Visual attention information can be traced on cortical response but not
on the retina: evidence from electrophysiological mouse data using natural
images as stimuli
- URL: http://arxiv.org/abs/2308.00526v1
- Date: Tue, 1 Aug 2023 13:09:48 GMT
- Title: Visual attention information can be traced on cortical response but not
on the retina: evidence from electrophysiological mouse data using natural
images as stimuli
- Authors: Nikos Melanitis and Konstantina Nikita
- Abstract summary: In primary visual cortex (V1), a subset of around $10%$ of the neurons responds differently to salient versus non-salient visual regions.
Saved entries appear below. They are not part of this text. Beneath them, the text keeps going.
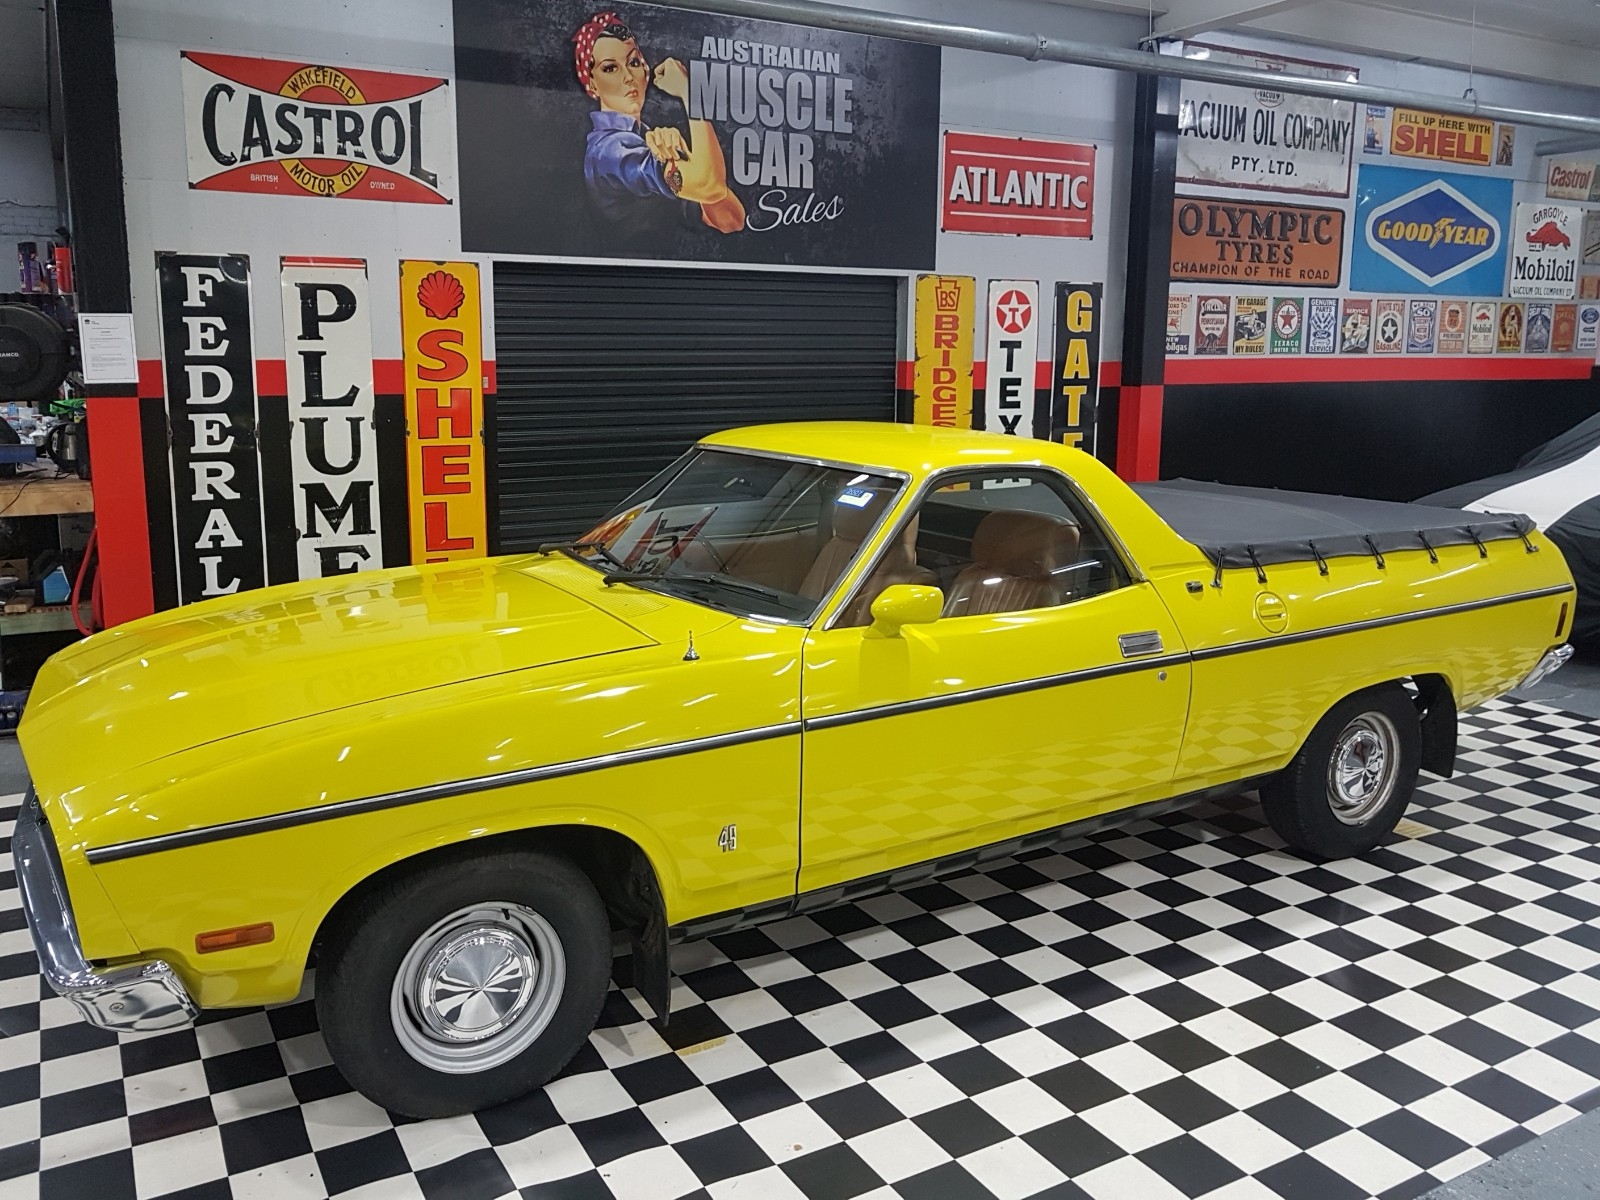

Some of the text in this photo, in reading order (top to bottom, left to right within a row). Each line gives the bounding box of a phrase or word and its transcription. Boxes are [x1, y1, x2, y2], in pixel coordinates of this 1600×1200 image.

[701, 36, 841, 74] AUSTRALIAN
[288, 67, 356, 99] WAKEFIELD
[689, 60, 853, 133] MUSCLE
[1253, 108, 1278, 147] OIL
[1283, 113, 1351, 155] COMPANY
[1399, 112, 1420, 125] FILL
[1422, 116, 1436, 126] UP
[1438, 118, 1465, 131] HERE
[1467, 122, 1491, 134] WITH
[202, 83, 438, 189] CASTROL
[1394, 125, 1489, 162] SHELL
[732, 127, 814, 189] CAR
[1231, 155, 1298, 177] PTY. LTD.
[250, 173, 396, 190] BRITISH OWNED
[290, 161, 363, 193] MOTOR OIL
[949, 165, 1088, 210] ATLANTIC
[1551, 166, 1592, 190] Castrol
[746, 189, 844, 231] Sales
[1533, 206, 1568, 227] GARGOYLE
[1178, 202, 1333, 245] OLYMPIC
[1216, 240, 1294, 265] TYRES
[1172, 262, 1330, 280] CHAMPION OF THE ROAD
[1514, 256, 1575, 282] Mobiloil
[939, 291, 956, 308] BS
[1200, 300, 1227, 313] SINCLAIR
[1237, 298, 1246, 306] MY
[1311, 298, 1337, 306] GENUINE
[1009, 308, 1019, 323] T
[1235, 345, 1244, 353] MY
[1309, 345, 1332, 353] SERVICE
[1375, 341, 1401, 351] GASOLINE
[932, 314, 960, 427] BRIDGE
[180, 266, 243, 596] FEDERAL
[415, 328, 475, 562] SHEL
It appears that the retina remains naive concerning visual attention; cortical response gets to interpret visual attention information.
- Score: 0.0
- License: http://creativecommons.org/licenses/by/4.0/
- Abstract: Visual attention forms the basis of understanding the visual world. In this
work we follow a computational approach to investigate the biological basis of
visual attention. We analyze retinal and cortical electrophysiological data
from mouse. Visual Stimuli are Natural Images depicting real world scenes. Our
results show that in primary visual cortex (V1), a subset of around $10\%$ of
the neurons responds differently to salient versus non-salient visual regions.
Visual attention information was not traced in retinal response. It appears
that the retina remains naive concerning visual attention; cortical response
gets modulated to interpret visual attention information. Experimental animal
studies may be designed to further explore the biological basis of visual
attention we traced in this study. In applied and translational science, our
study contributes to the design of improved visual prostheses systems --
systems that create artificial visual percepts to visually impaired individuals
by electronic implants placed on either the retina or the cortex.